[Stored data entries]
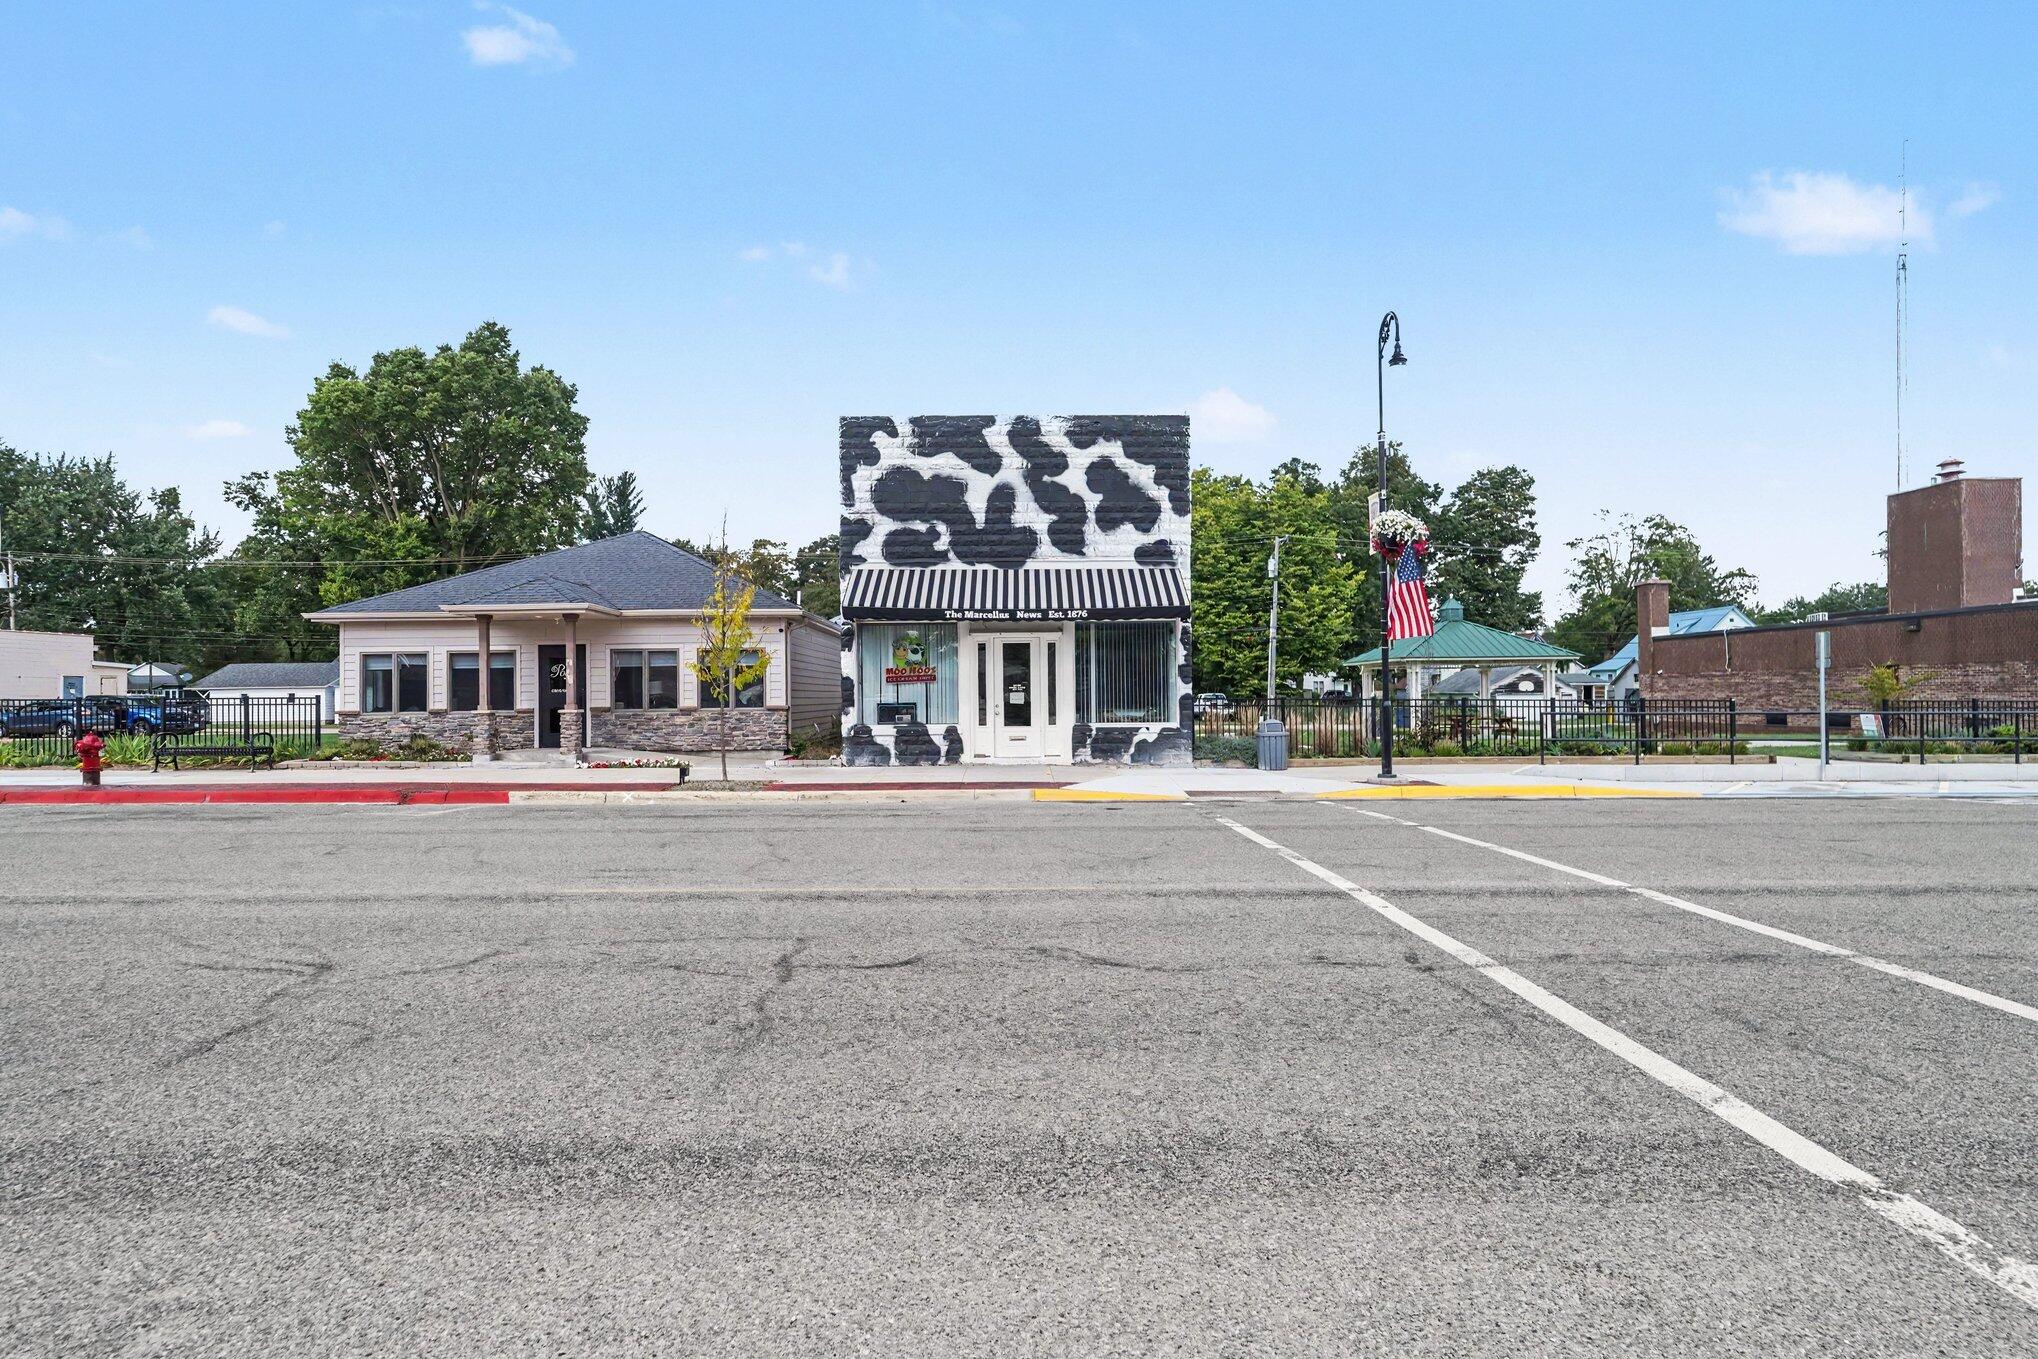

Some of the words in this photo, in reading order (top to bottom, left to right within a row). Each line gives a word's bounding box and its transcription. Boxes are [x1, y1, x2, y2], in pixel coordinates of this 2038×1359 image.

[945, 610, 963, 619] The
[964, 610, 1010, 619] Marcellus
[1016, 610, 1042, 619] News
[1067, 610, 1088, 618] 1876

[PROMPT]
Write the lines above out again exactly, excluding every picture.

[ANSWER TO THIS PROBLEM]
Some of the words in this photo, in reading order (top to bottom, left to right within a row). Each line gives a word's bounding box and its transcription. Boxes are [x1, y1, x2, y2], in pixel coordinates of this 2038×1359 image.

[945, 610, 963, 619] The
[964, 610, 1010, 619] Marcellus
[1016, 610, 1042, 619] News
[1067, 610, 1088, 618] 1876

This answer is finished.